Das Vorhaben des App-Vermittlers mytaxi, feste Vermittlungsgebühren durch einen variablen Satz zu ersetzen, stößt beim Branchenverband auf harte Kritik.

Mit dem Vorhaben, ab Februar die angeschlossenen Taxifahrer wählen zu lassen, welchen prozentualen Anteil an den Fahrtkosten sie als Vermittlungsgebühr akzeptieren, zeige der App-Vermittler mytaxi, dass es ihm nur um die Maximierung seines eigenen Profits gehe. Das schreibt Michael Müller, Präsident des Deutschen Taxi- und Mietwagenverbands (BZP), sinngemäß in einer Pressemitteilung. Das Ausrufen eines ruinösen Wettbewerbs unter den Taxifahrern sei angesichts der dünnen Margen des Gewerbes und des drohenden Mindestlohns völlig verfehlt.
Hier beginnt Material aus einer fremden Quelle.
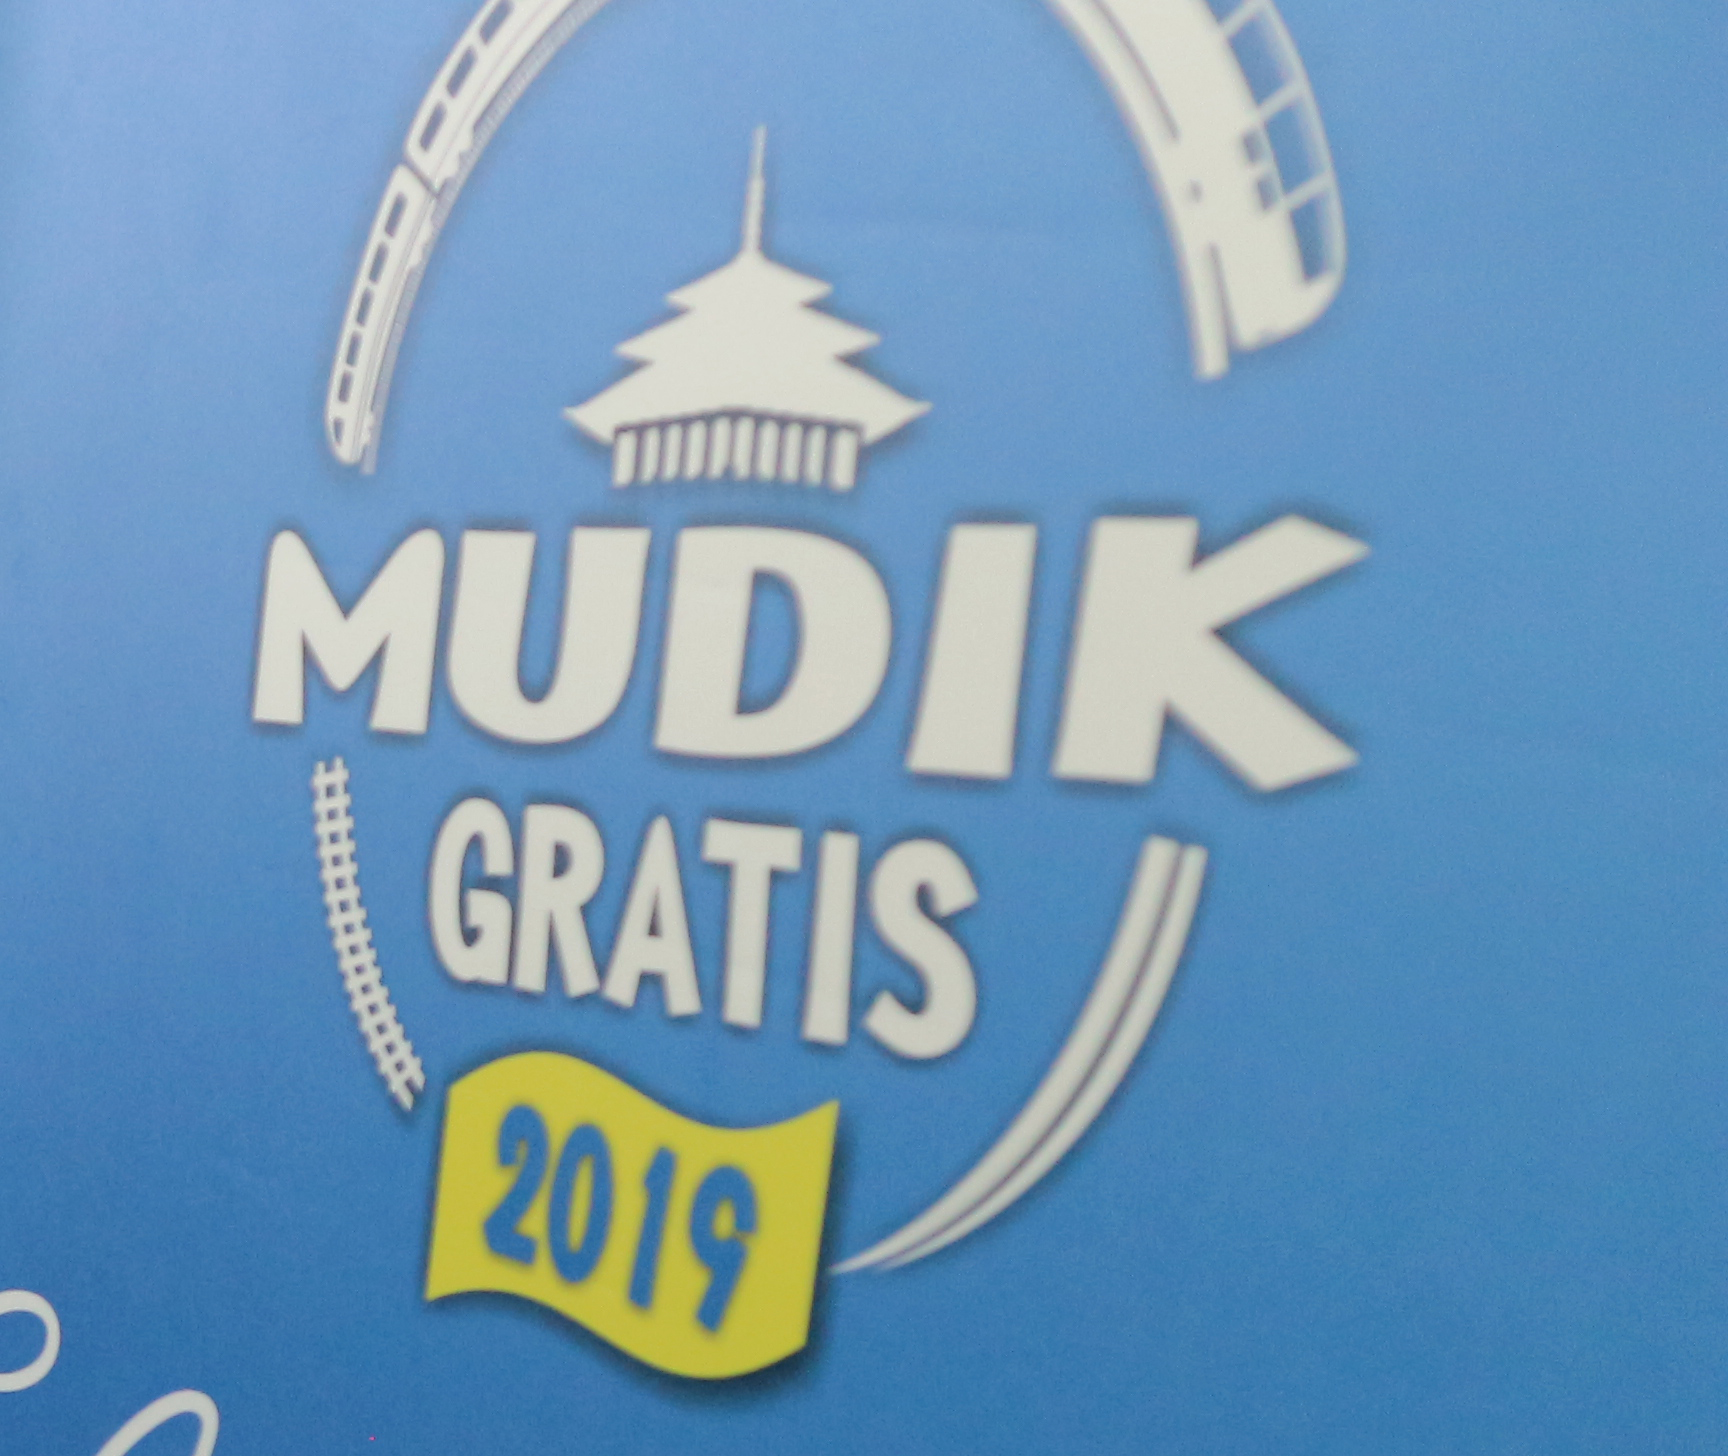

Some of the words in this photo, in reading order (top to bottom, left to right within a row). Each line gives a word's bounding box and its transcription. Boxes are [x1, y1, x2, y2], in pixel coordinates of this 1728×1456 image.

[251, 513, 1372, 794] MUDIK
[427, 796, 981, 1062] GRATIS
[481, 1101, 761, 1335] 2019
Außerdem sieht Müller die geplante Versteigerung von Taxifahrten als „Systembruch“, weil ja nicht der Taxifahrer, sondern der Unternehmer Partner von mytaxi sei. Wenn er es seinem Fahrer überlasse, eine prozentuale Vermittlungsgebühr einzustellen, werde das zu weiteren Anfahrtswegen führen, die die Betriebskosten des Taxiunternehmens erhöhten und nicht kundenfreundlich seien.